Chinese fast-food operator Yum China Holdings announced on Monday that it has applied to convert its secondary listing to a primary listing in Hong Kong. It currently has a dual listing on the New York Stock Exchange.

“Since our secondary listing in Hong Kong in 2020, we have improved access to our shareholders in Asia. We have diversified our investor base and tapped into additional pools of capital,” said Joey Wat, CEO of Yum China. , in a press release.

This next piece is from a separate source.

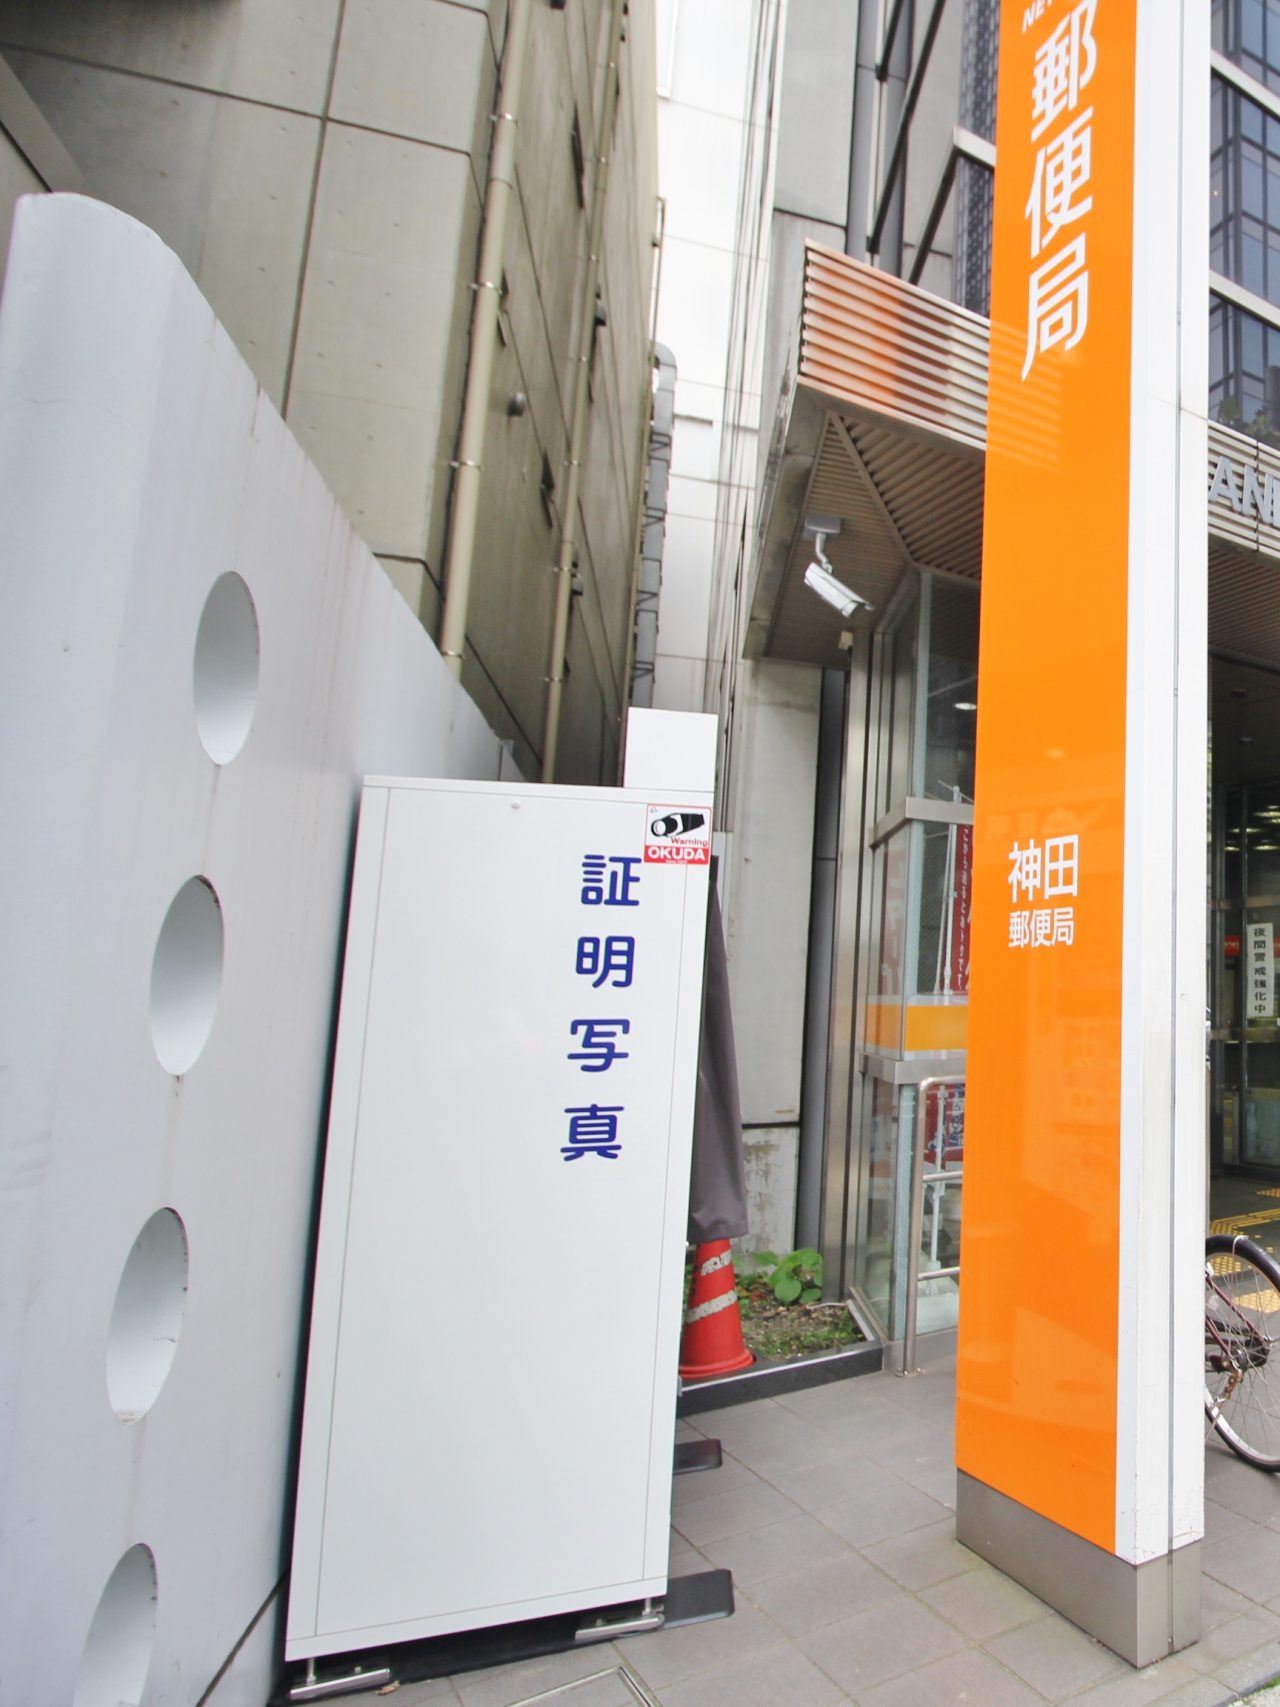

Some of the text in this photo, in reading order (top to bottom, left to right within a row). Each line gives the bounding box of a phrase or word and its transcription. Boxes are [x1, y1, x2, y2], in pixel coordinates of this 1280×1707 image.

“Dual primary listing would bring us even closer to our employees, customers and other stakeholders. This strategic move would further broaden our universe of shareholders, increase liquidity and mitigate the risk of delisting from the NYSE,” he added.

Yum has exclusive rights to operate fast food brands like KFC, Pizza Hut and Taco Bell brands in China.

-Su Lin Tan

CNBC Pro: Strategist names global stocks to buy despite slowing growth

There are pockets of “compelling value” in three sectors, even in an economic downturn, said Patrick Armstrong, chief investment officer at Plurimi Group.

These sectors are “unbelievably cheap,” he told CNBC’s “Squawk Box Europe,” naming his favorite stocks and explaining why he likes them.

Pro subscribers can read the story here.

—Weizhen Tan

CNBC Pro: Tesla’s Valuation Only Makes Sense When It Hits This Level, Fund Manager Says

Tesla may be one of the best-known electric vehicle makers, but fund manager and tech investor Paul Meeks thinks the stock is still too expensive.

Meeks revealed to CNBC Pro Talks the valuation at which he will find Tesla “more attractive.”

Pro subscribers can read the story here.